Ja, je moet op lokaal niveau de functies gaan invullen die we met elkaar afspreken in de wet. Hoe dat precies gedaan wordt, is uiteraard afhankelijk van de gemeente. Het is afhankelijk van bijvoorbeeld de opbouw van de bevolking en de grootte van de gemeente, dat wil zeggen of er veel dorpen zijn, kleine of grote dorpen of steden of gehuchten: hoe ga je daarmee om? Dat is allemaal maatwerk dat door de gemeente wordt ingevuld en dat juist heel goed in dit wetsvoorstel is neergelegd.

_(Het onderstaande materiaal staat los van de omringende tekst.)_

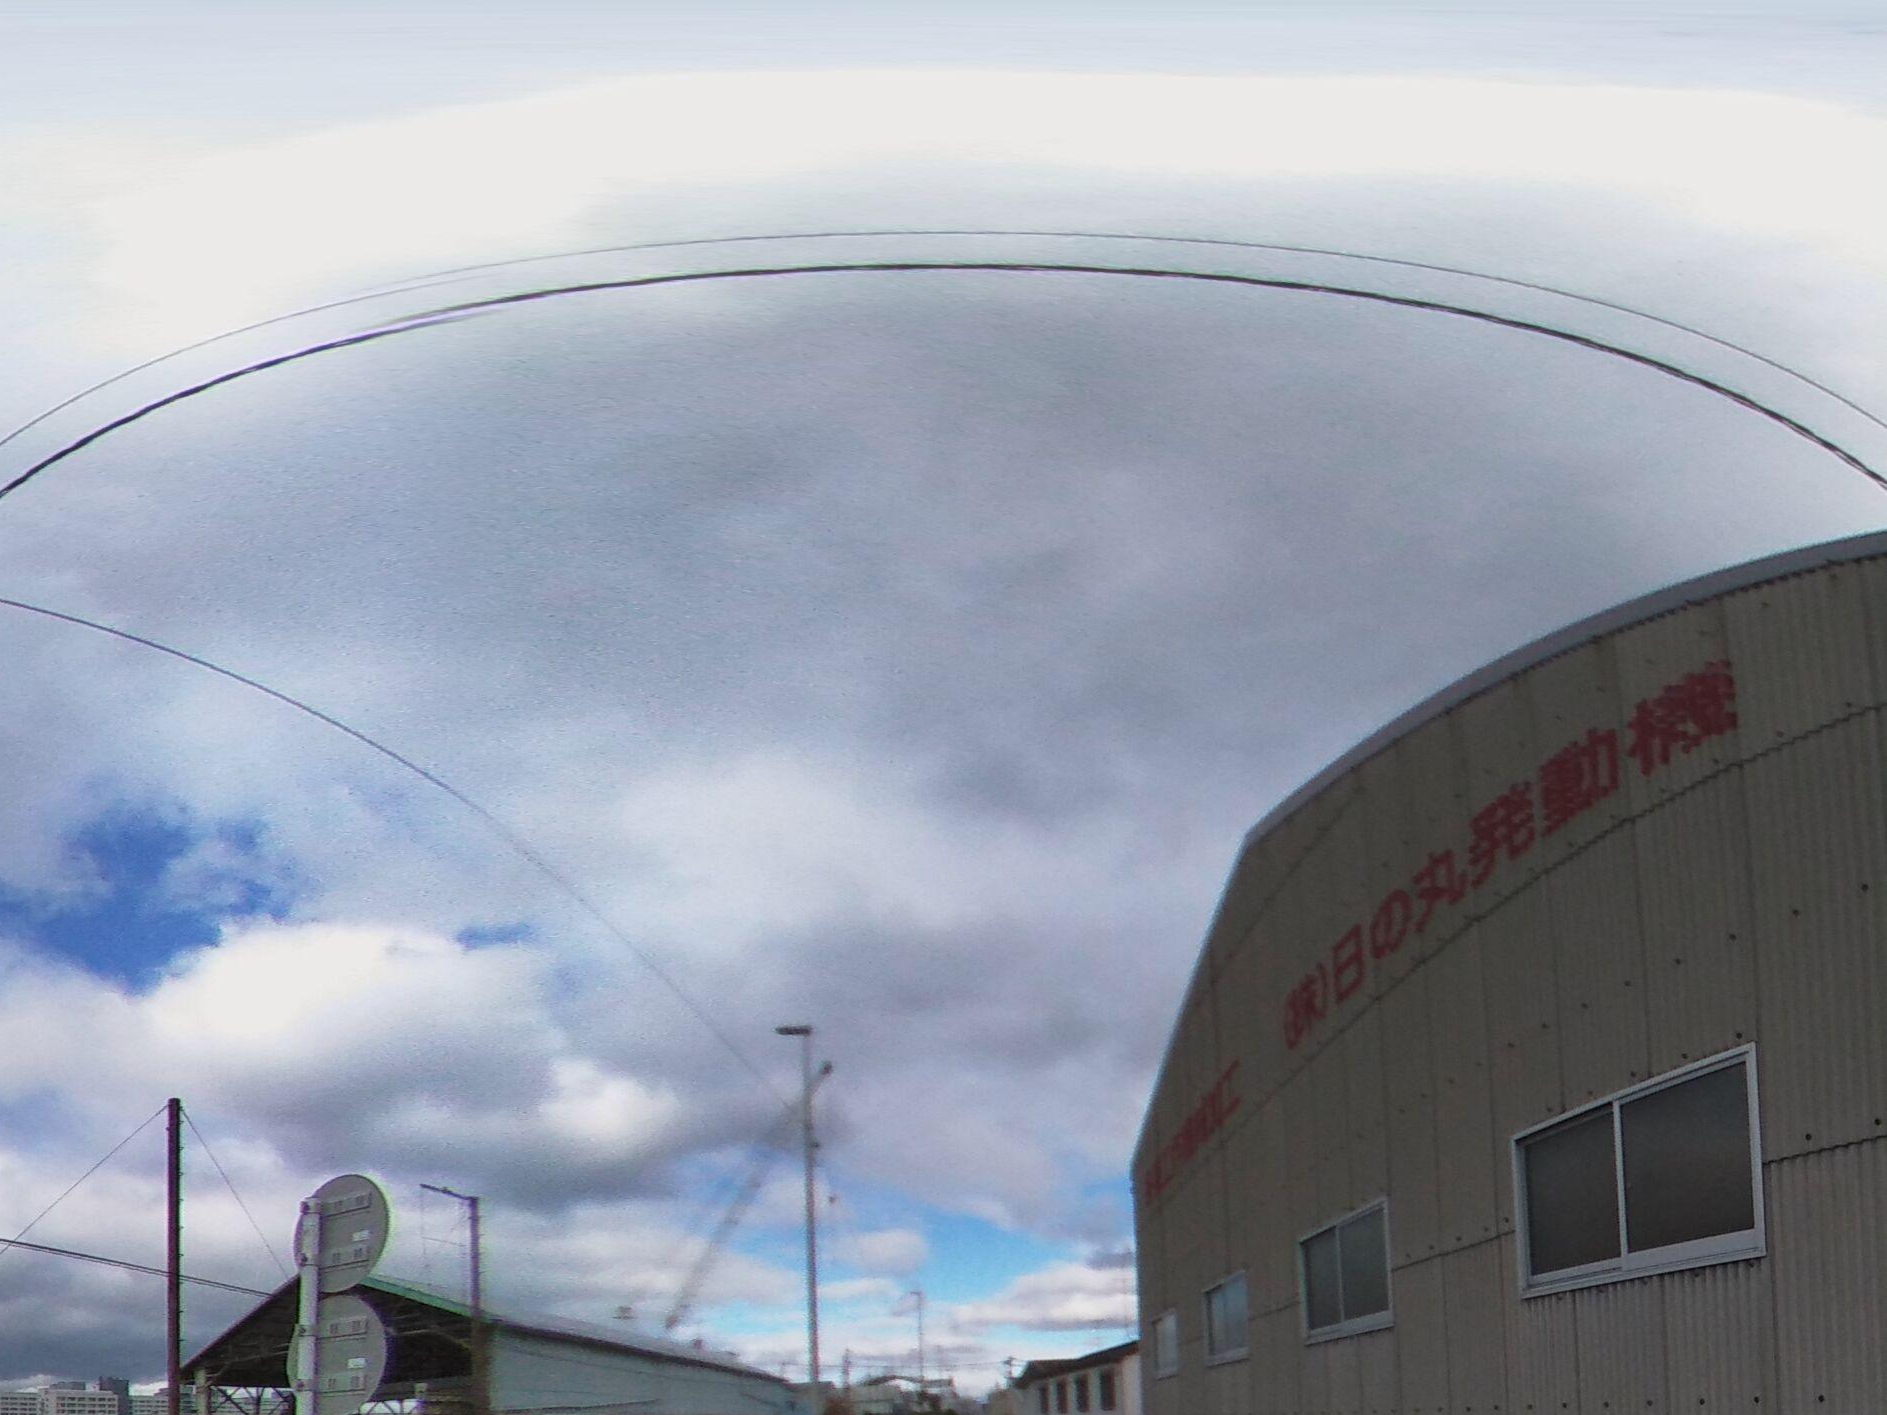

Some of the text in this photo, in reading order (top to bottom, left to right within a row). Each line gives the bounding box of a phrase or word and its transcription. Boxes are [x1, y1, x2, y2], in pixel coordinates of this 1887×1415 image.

[1283, 658, 1739, 1050] (株)日の丸発動機

Mevrouw Dik-Faber (ChristenUnie):

Ik ben blij dat ik het woord "maatwerk" heb gehoord. Ik denk dat dit heel cruciaal is en dat dit zich niet goed verhoudt tot de wens van de fractie van 50 PLUS om te gaan werken met harde criteria, zoals afstand. Mijn amendement gaat over een nabijheidscriterium, dus een wat zachtere waarde, waarbij gemeenteraden zich rekenschap moeten geven van de nabijheid van voorzieningen. Ik nodig de fractie van 50PLUS van harte uit om dit amendement te steunen.

De voorzitter:

Ik hoor geen vraag, dus ik wil suggereren dat mijnheer Klein zijn betoog hervat.

De heer Klein (50PLUS):

Ter correctie wil ik nog opmerken dat in mijn amendement helemaal niks staat over afstanden, kilometers of wat dan ook.

De voorzitter:

Dat had u al gezegd.

De heer Klein (50PLUS):

Wij kijken alleen naar inwoners. Daar gaat het om, want wij doen dit voor de mensen.

De voorzitter:

U hervat uw betoog.

De heer Klein (50PLUS):

Ik moet even kijken waar ik gebleven ben.

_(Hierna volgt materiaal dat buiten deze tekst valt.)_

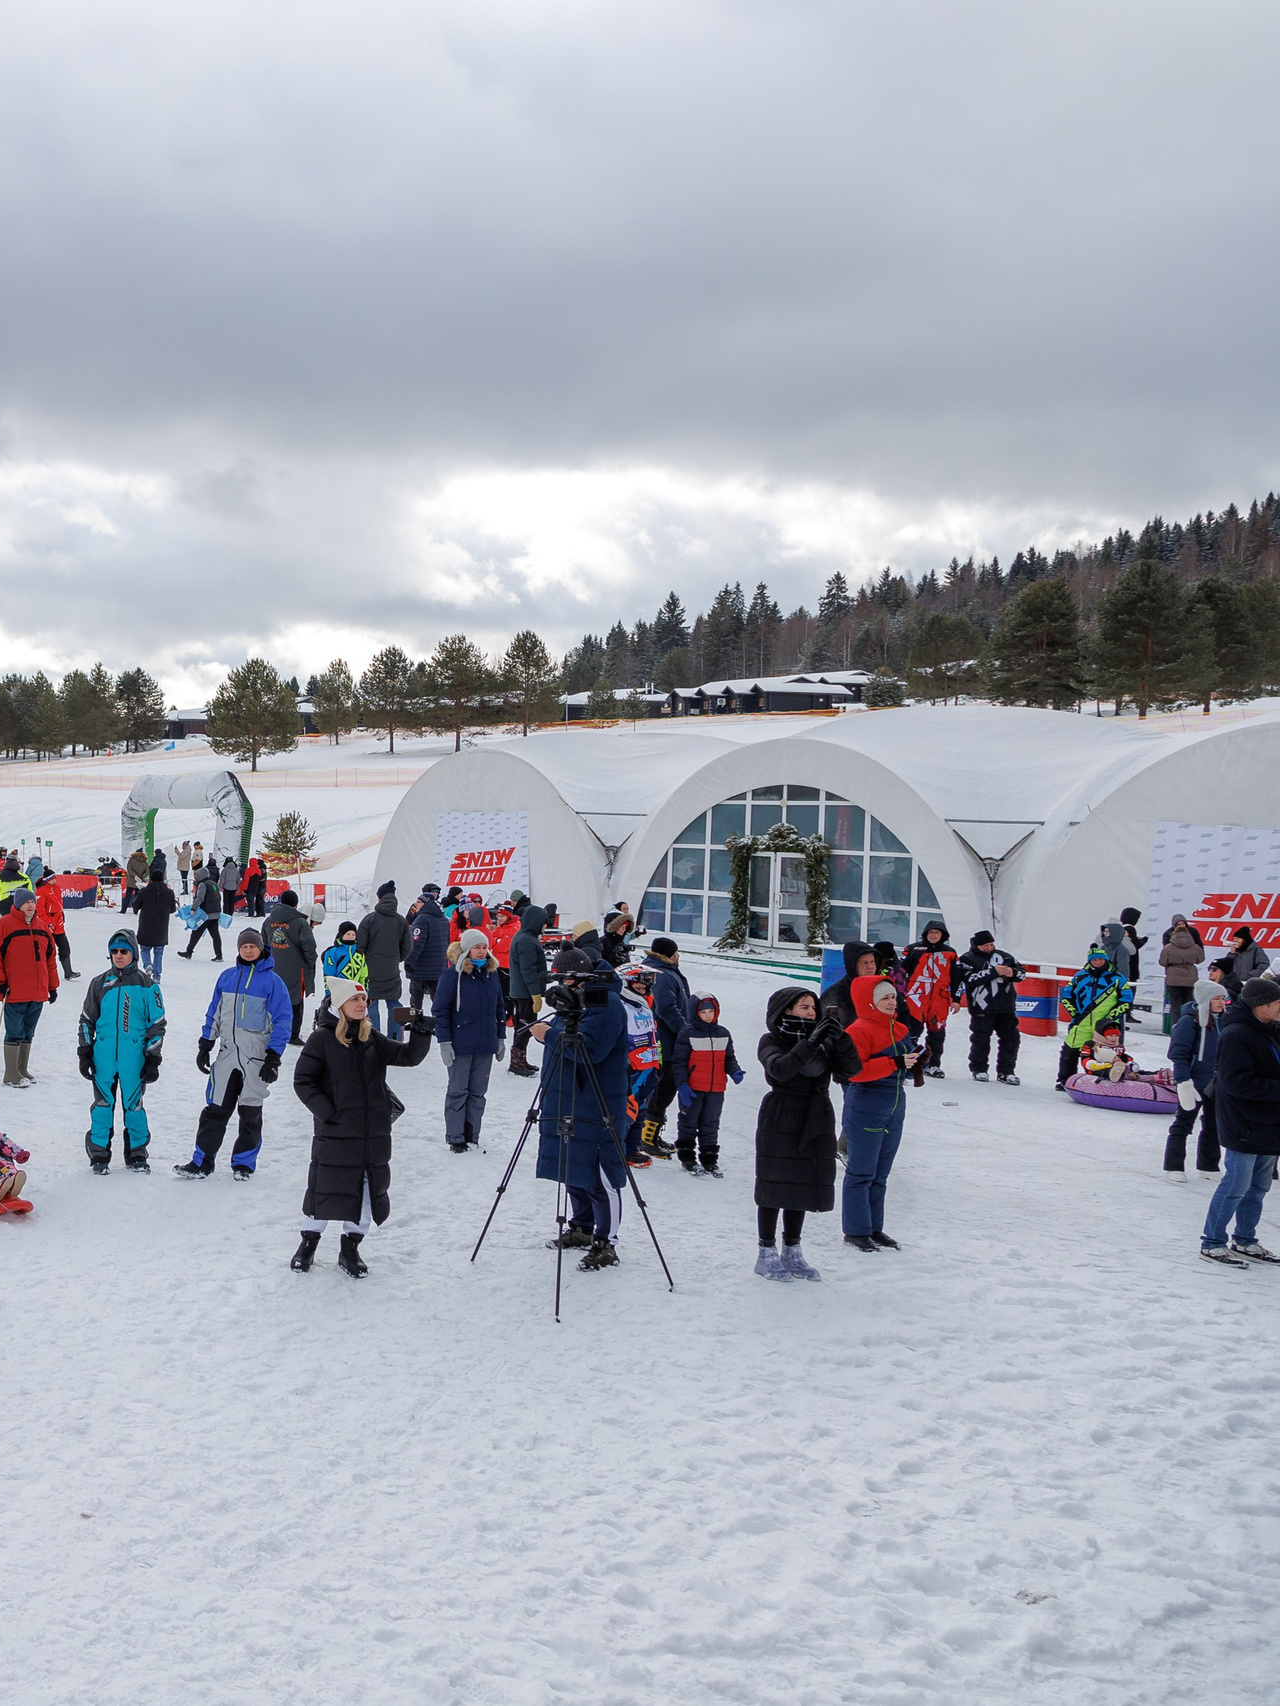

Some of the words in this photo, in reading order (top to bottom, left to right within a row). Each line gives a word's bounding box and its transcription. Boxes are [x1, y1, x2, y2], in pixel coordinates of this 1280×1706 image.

[450, 846, 516, 869] SNOW
[1204, 926, 1280, 944] ПООР
[1095, 992, 1108, 1005] RIDE

Wat vervolgens heel belangrijk is, is de financiering. De lokale bibliotheek zal door de gemeente worden gefinancierd. Het is een decentrale verantwoordelijkheid om naar de lokale situatie en naar de bevolkingsopbouw een lokale bibliotheekvoorziening te realiseren en in stand te houden. Van de andere kant bepalen wij natuurlijk wel bepaalde functies. Hoe gaan wij dat nu doen? Wat ons betreft is dan toch heel nadrukkelijk de situatie: wie bepaalt moet ook betalen. Dat betekent dat wij vanuit de rijksoverheid extra ondersteuning aan de gemeenten willen geven om de verschillende functies te kunnen invullen, zeker ook omdat de wet daartoe extra ruimte geeft in artikel 21, middels een regeling om in bijzondere gevallen subsidie te verstrekken. In diverse gemeenten ontstaan bijzondere omstandigheden doordat men openbare voorzieningen op verschillende manieren moet realiseren, dicht bij de mensen. Met deze regeling is een goede basis gelegd om die functies ook daadwerkelijk te kunnen invullen. De gemeente moet vervolgens een beroep op deze regeling kunnen doen om de bijzondere uitgaven voor het realiseren van dit netwerk aan lokale openbarebibliotheekvoorzieningen te kunnen bekostigen. Kan de minister inzicht geven in de reikwijdte van de regeling en deelt zij onze opvatting dat ook gemeenten een beroep op deze regeling moeten kunnen doen?

De algemene beraadslaging wordt geschorst.

De voorzitter:

Daarmee zijn wij gekomen aan het einde van de beraadslaging in eerste termijn van de kant van de Kamer. Het vervolg wordt op korte termijn gepland.

De vergadering wordt van 17.09 uur tot 17.14 uur geschorst.